EXERCISE BRIEF: Emit the data below verbatim, stripping out any pictures.
=====
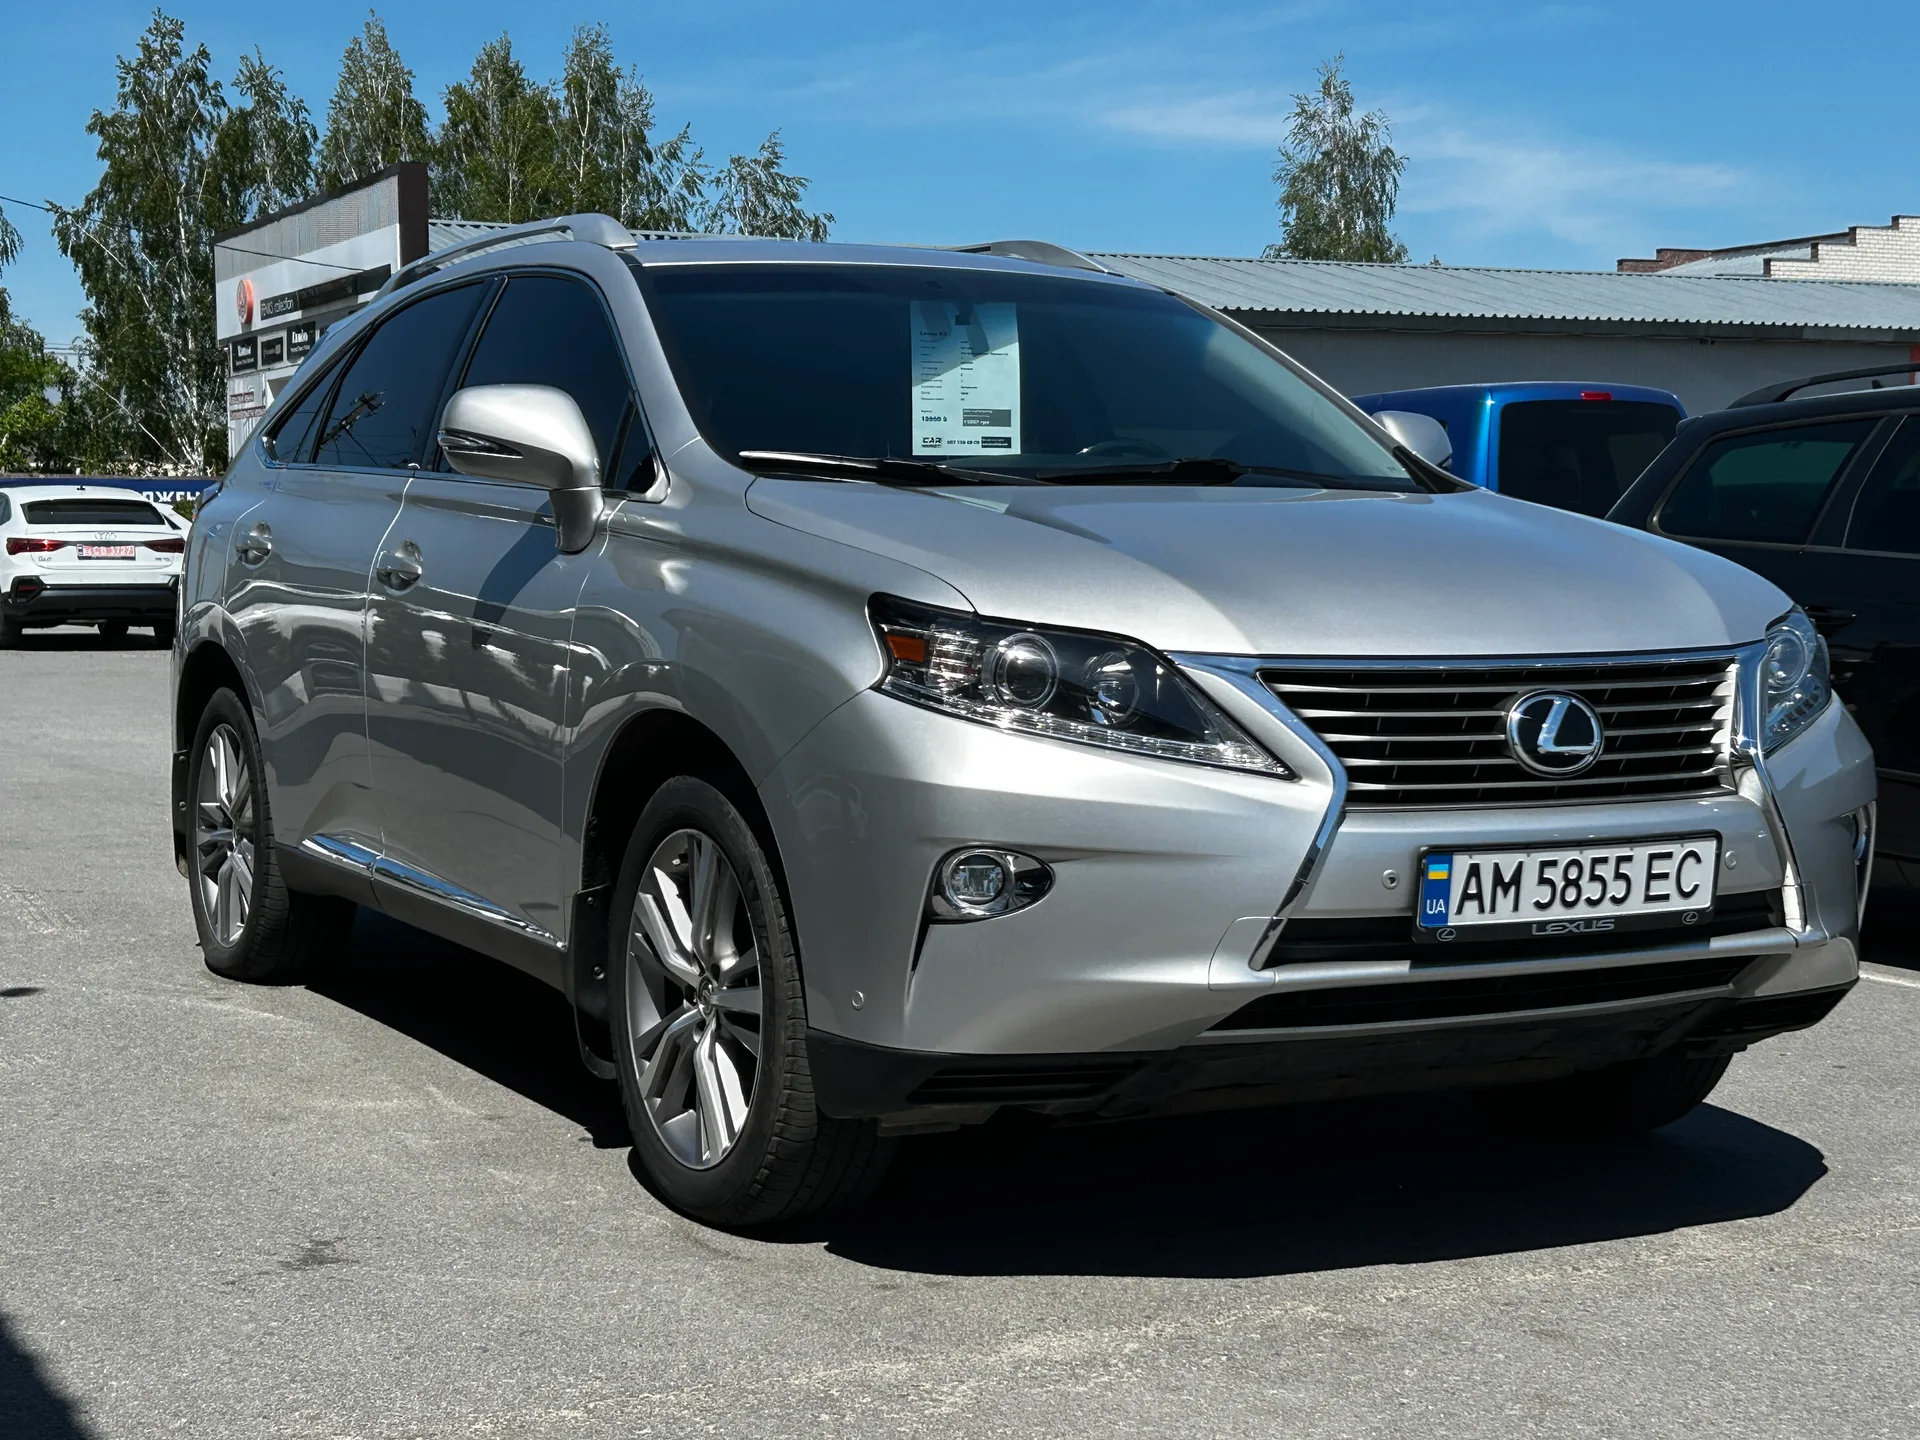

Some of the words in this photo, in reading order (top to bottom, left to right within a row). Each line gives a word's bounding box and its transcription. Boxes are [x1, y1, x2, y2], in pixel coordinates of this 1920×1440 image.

[1454, 860, 1524, 915] AM
[1532, 854, 1634, 910] 5855
[1643, 849, 1703, 904] EC
[1426, 898, 1446, 914] UA
[1531, 918, 1615, 936] LEXUS
=====
EXERCISE RESULT:
Some of the words in this photo, in reading order (top to bottom, left to right within a row). Each line gives a word's bounding box and its transcription. Boxes are [x1, y1, x2, y2], in pixel coordinates of this 1920×1440 image.

[1454, 860, 1524, 915] AM
[1532, 854, 1634, 910] 5855
[1643, 849, 1703, 904] EC
[1426, 898, 1446, 914] UA
[1531, 918, 1615, 936] LEXUS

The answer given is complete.